Task objective.
Print the entries exactly as they appear, and omit any images.

● ● ● ● ● ● ●

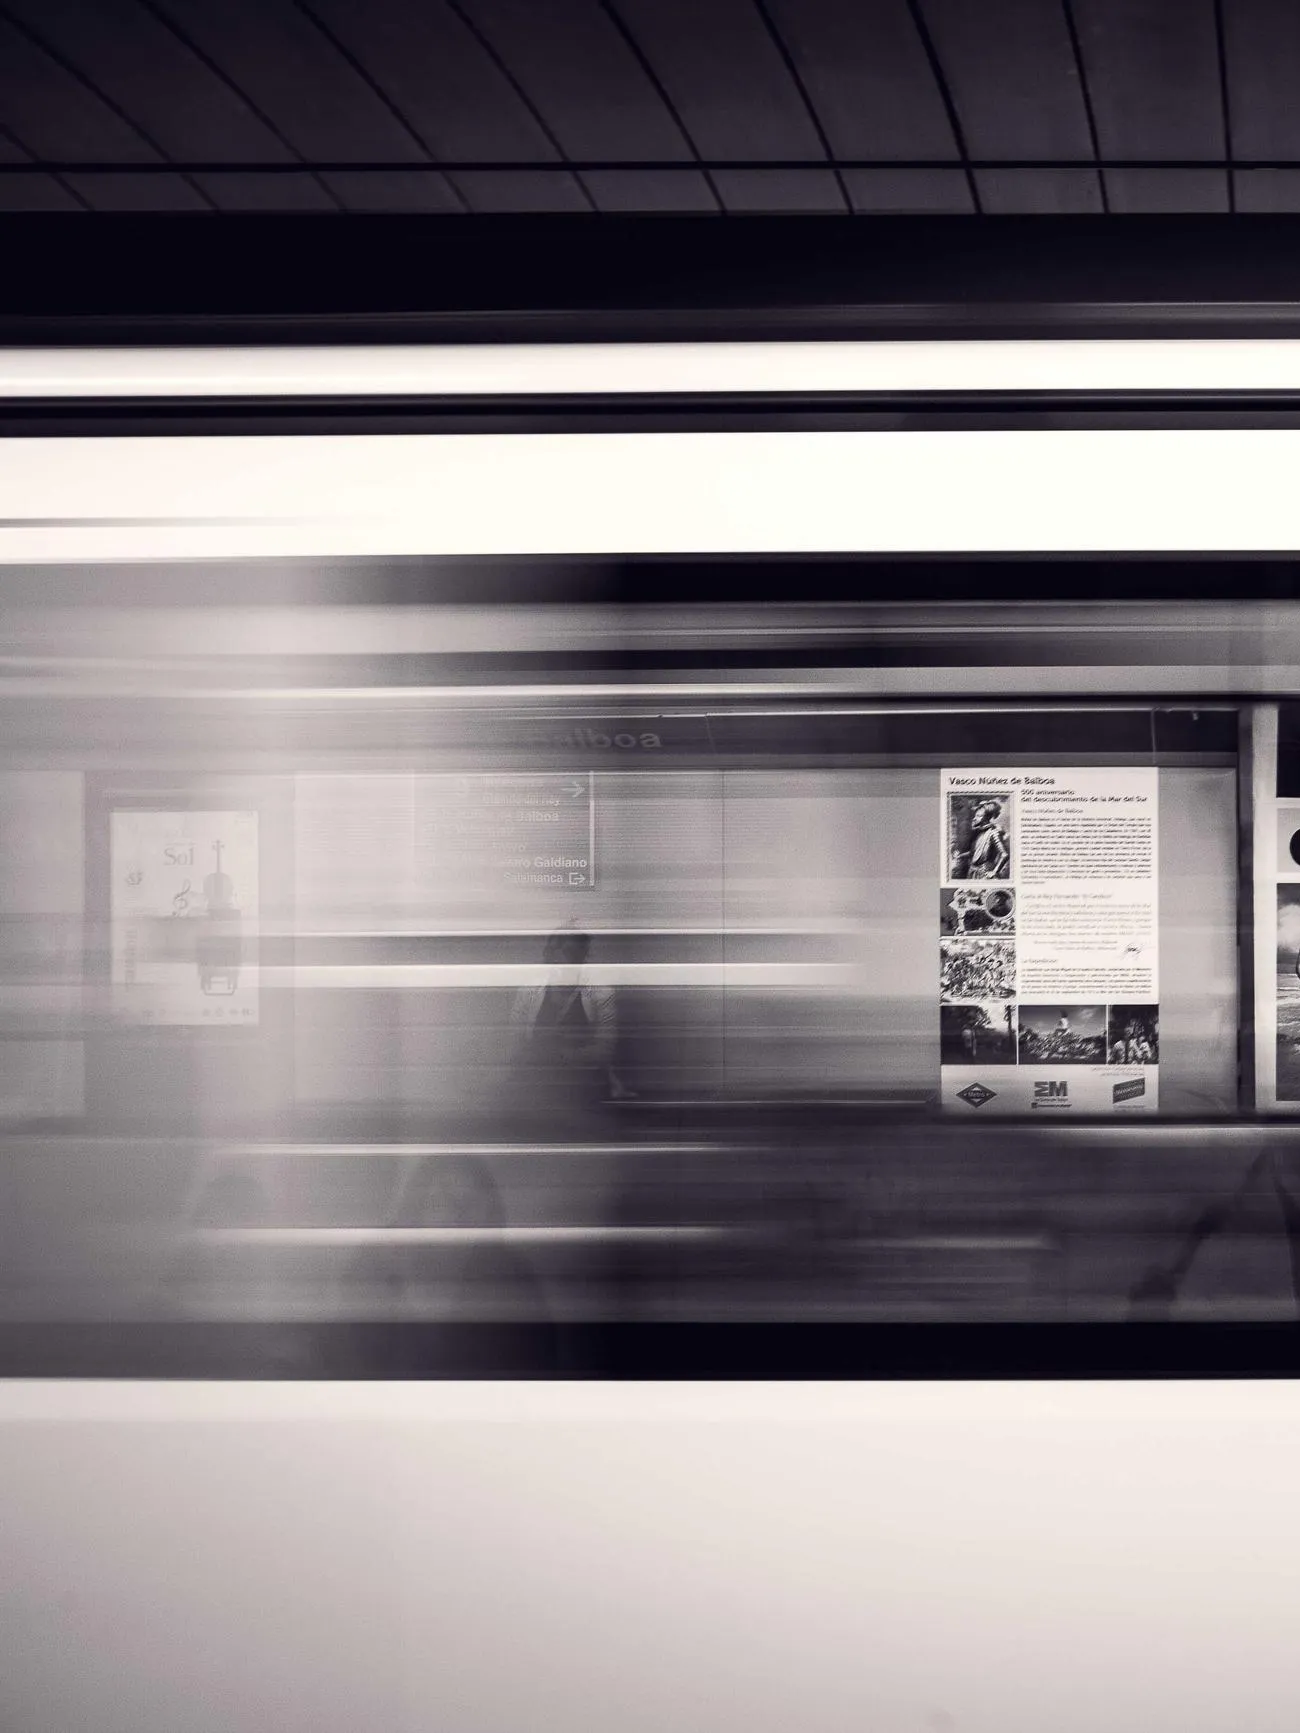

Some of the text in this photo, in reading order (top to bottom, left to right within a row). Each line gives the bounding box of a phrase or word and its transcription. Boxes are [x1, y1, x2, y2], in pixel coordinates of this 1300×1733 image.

[950, 776, 1055, 785] Vasco Núñez de Balboa
[534, 856, 588, 868] Galdiano
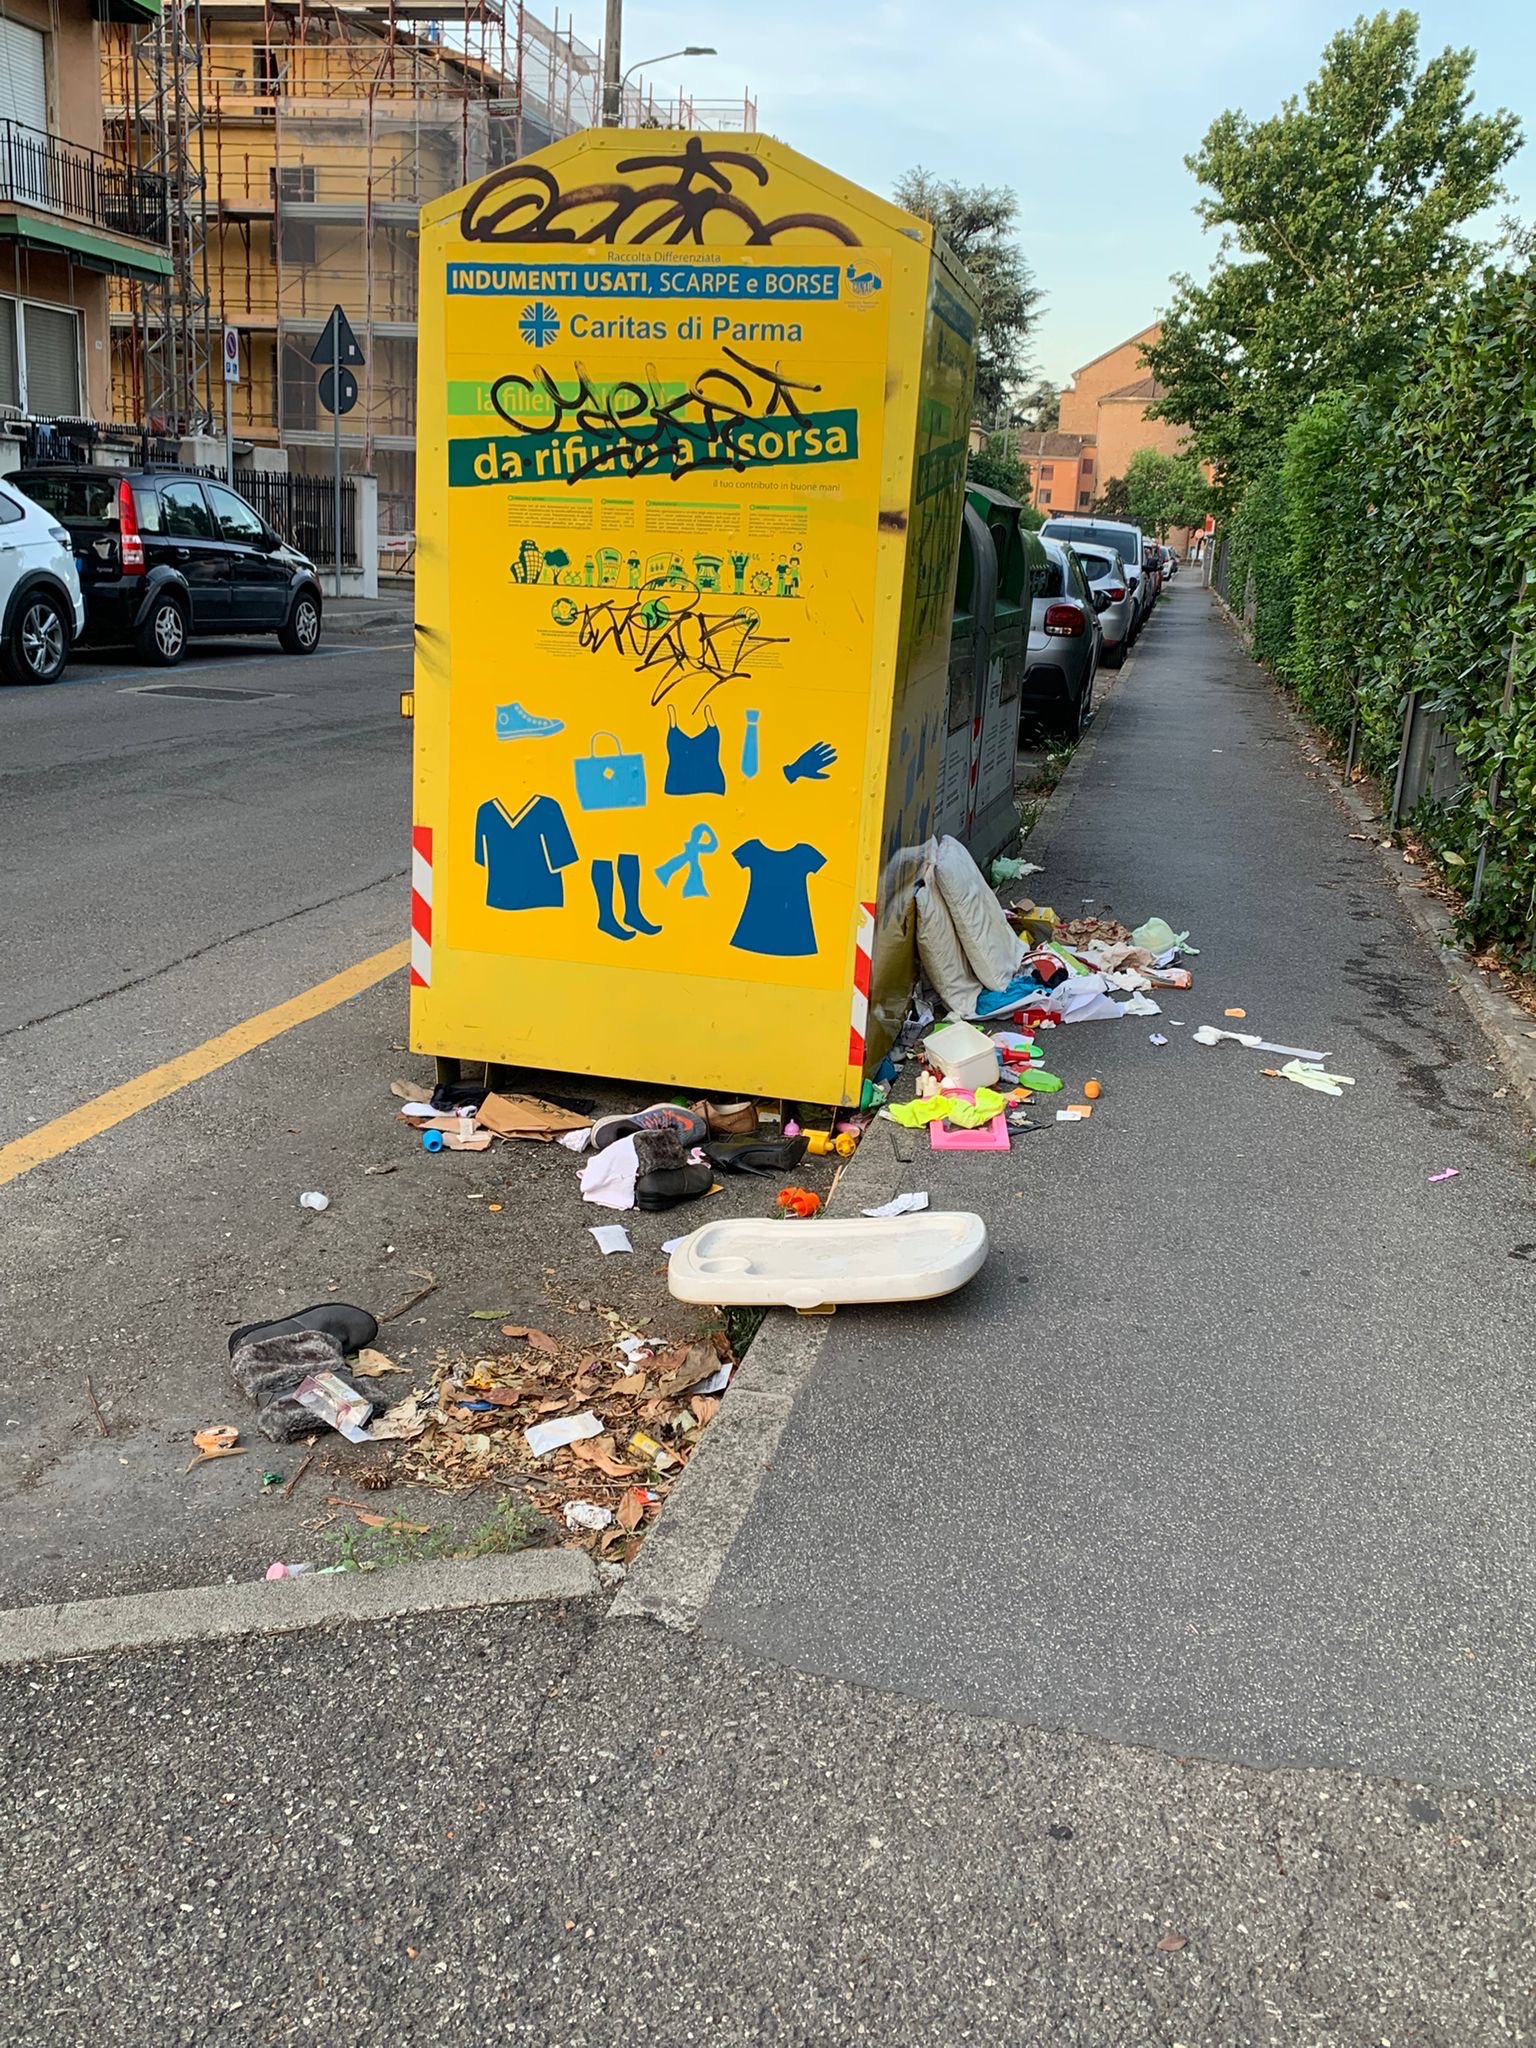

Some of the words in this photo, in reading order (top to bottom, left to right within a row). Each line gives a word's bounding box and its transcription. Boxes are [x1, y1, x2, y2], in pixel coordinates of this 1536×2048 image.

[607, 251, 651, 263] Raccolta
[654, 251, 721, 264] Differenziata
[452, 269, 577, 291] INDUMENTI
[583, 271, 653, 294] USATI,
[659, 272, 740, 293] SCARPE
[746, 278, 759, 293] e
[765, 273, 834, 294] BORSE
[570, 313, 667, 340] Caritas
[677, 316, 701, 341] di
[713, 316, 803, 342] Parma
[477, 387, 496, 412] la
[502, 386, 566, 412] filier
[473, 442, 523, 480] da
[535, 435, 660, 477] rifiuto
[672, 437, 694, 467] a
[708, 424, 848, 463] risorsa
[712, 480, 718, 488] il
[719, 481, 734, 489] tuo
[735, 480, 779, 490] contributo
[780, 482, 789, 490] in
[790, 482, 817, 491] buone
[818, 483, 841, 492] mani
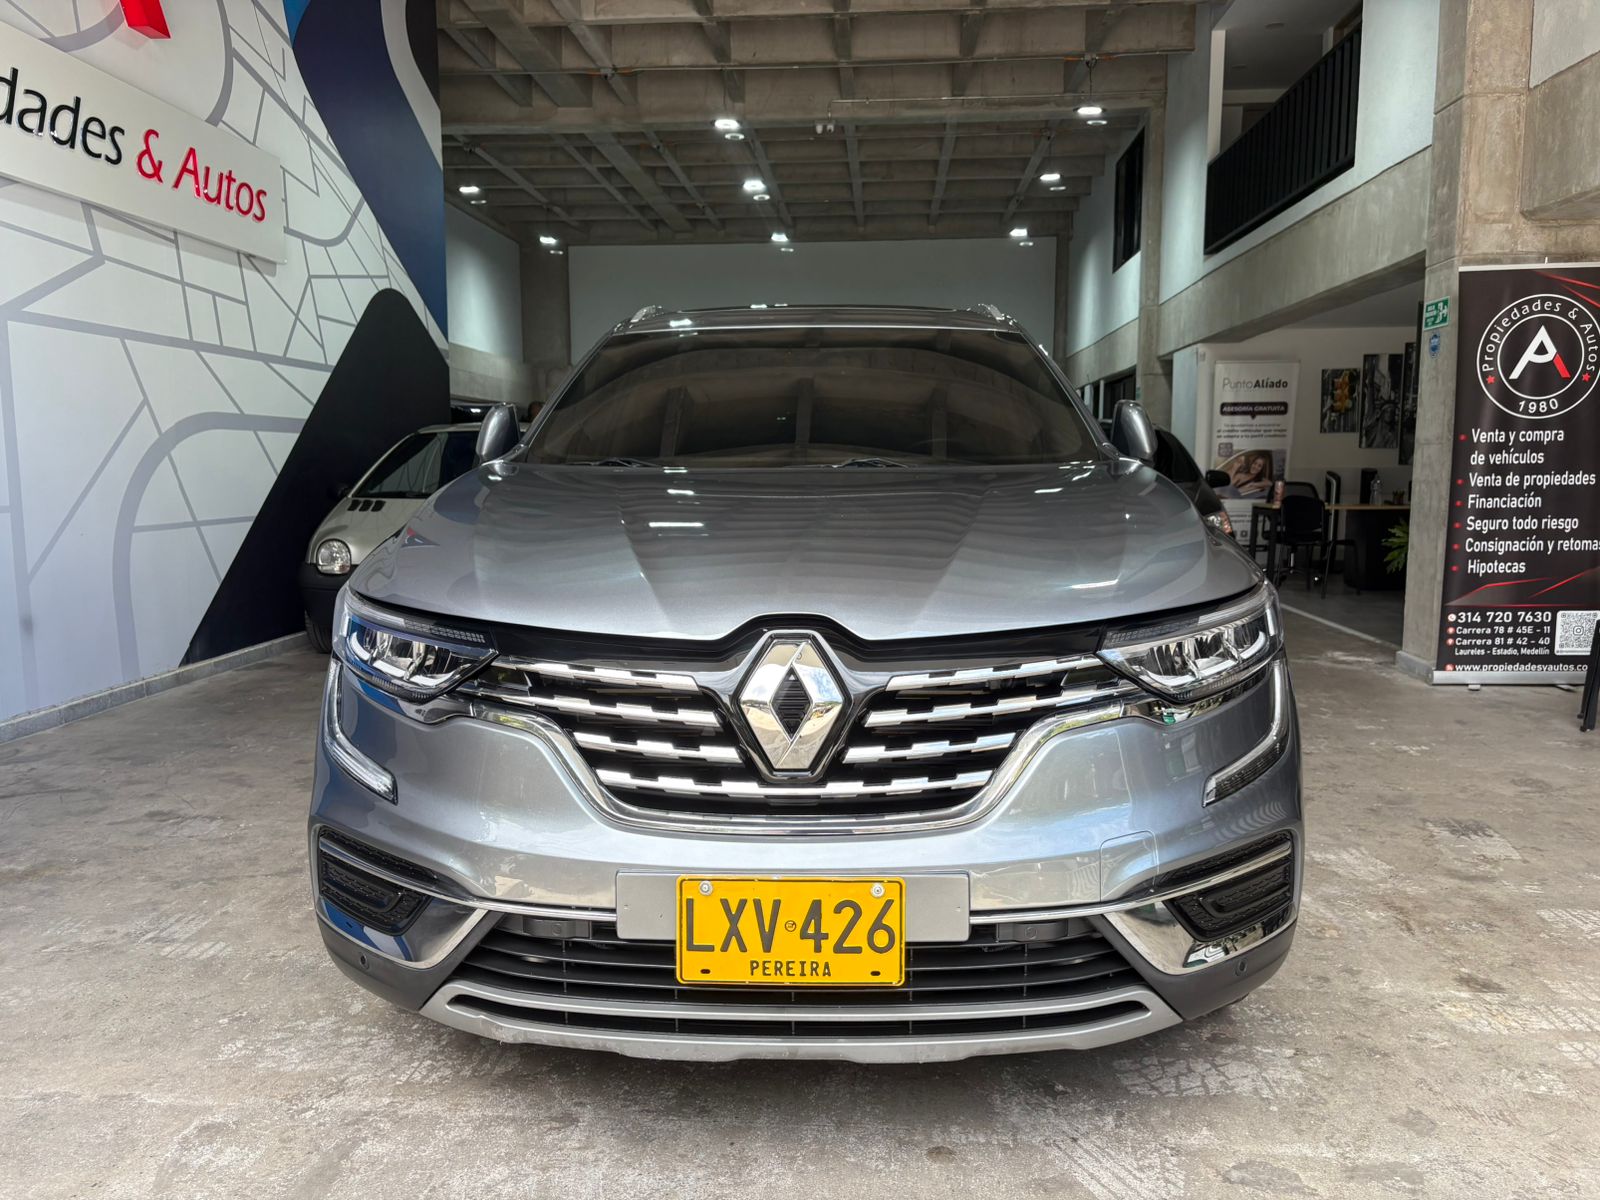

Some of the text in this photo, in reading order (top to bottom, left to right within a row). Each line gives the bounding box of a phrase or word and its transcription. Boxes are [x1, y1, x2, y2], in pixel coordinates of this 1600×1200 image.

[136, 128, 163, 183] &
[172, 147, 268, 222] Autos
[1482, 299, 1599, 372] Propiedades & Autos
[1518, 398, 1559, 414] 1980
[1472, 428, 1564, 446] Venta y compra
[1470, 448, 1544, 465] de vehículos
[1469, 470, 1596, 489] Venta de propiedades
[1467, 492, 1541, 508] Financiación
[1466, 515, 1579, 533] Seguro todo riesgo
[1465, 536, 1600, 555] Consignación y retoma
[1467, 559, 1526, 577] Hipotecas
[1457, 611, 1552, 623] 314 720 7630
[1456, 626, 1491, 634] Carrera
[1494, 626, 1504, 634] 78
[1507, 626, 1513, 634] #
[1516, 626, 1534, 634] 45E
[1543, 626, 1550, 634] 11
[1455, 638, 1492, 646] Carrera
[1494, 637, 1504, 645] 81
[1516, 637, 1528, 645] 42
[1538, 637, 1550, 645] 40
[1455, 648, 1485, 656] Laureles
[1492, 648, 1519, 656] Estadio,
[1520, 647, 1550, 655] Medellín
[686, 898, 896, 954] LXV 426
[749, 959, 832, 977] PEREIRA

● ● ● ● ● ● ●

Problem solution.
Some of the text in this photo, in reading order (top to bottom, left to right within a row). Each line gives the bounding box of a phrase or word and its transcription. Boxes are [x1, y1, x2, y2], in pixel coordinates of this 1300×1733 image.

[950, 776, 1055, 785] Vasco Núñez de Balboa
[534, 856, 588, 868] Galdiano

Some of the words in this photo, in reading order (top to bottom, left to right within a row). Each line gives a word's bounding box and its transcription. Boxes are [x1, y1, x2, y2], in pixel coordinates of this 1536×2048 image.

[607, 251, 651, 263] Raccolta
[654, 251, 721, 264] Differenziata
[452, 269, 577, 291] INDUMENTI
[583, 271, 653, 294] USATI,
[659, 272, 740, 293] SCARPE
[746, 278, 759, 293] e
[765, 273, 834, 294] BORSE
[570, 313, 667, 340] Caritas
[677, 316, 701, 341] di
[713, 316, 803, 342] Parma
[477, 387, 496, 412] la
[502, 386, 566, 412] filier
[473, 442, 523, 480] da
[535, 435, 660, 477] rifiuto
[672, 437, 694, 467] a
[708, 424, 848, 463] risorsa
[712, 480, 718, 488] il
[719, 481, 734, 489] tuo
[735, 480, 779, 490] contributo
[780, 482, 789, 490] in
[790, 482, 817, 491] buone
[818, 483, 841, 492] mani

Some of the text in this photo, in reading order (top to bottom, left to right within a row). Each line gives the bounding box of a phrase or word and its transcription. Boxes are [x1, y1, x2, y2], in pixel coordinates of this 1600×1200 image.

[136, 128, 163, 183] &
[172, 147, 268, 222] Autos
[1482, 299, 1599, 372] Propiedades & Autos
[1518, 398, 1559, 414] 1980
[1472, 428, 1564, 446] Venta y compra
[1470, 448, 1544, 465] de vehículos
[1469, 470, 1596, 489] Venta de propiedades
[1467, 492, 1541, 508] Financiación
[1466, 515, 1579, 533] Seguro todo riesgo
[1465, 536, 1600, 555] Consignación y retoma
[1467, 559, 1526, 577] Hipotecas
[1457, 611, 1552, 623] 314 720 7630
[1456, 626, 1491, 634] Carrera
[1494, 626, 1504, 634] 78
[1507, 626, 1513, 634] #
[1516, 626, 1534, 634] 45E
[1543, 626, 1550, 634] 11
[1455, 638, 1492, 646] Carrera
[1494, 637, 1504, 645] 81
[1516, 637, 1528, 645] 42
[1538, 637, 1550, 645] 40
[1455, 648, 1485, 656] Laureles
[1492, 648, 1519, 656] Estadio,
[1520, 647, 1550, 655] Medellín
[686, 898, 896, 954] LXV 426
[749, 959, 832, 977] PEREIRA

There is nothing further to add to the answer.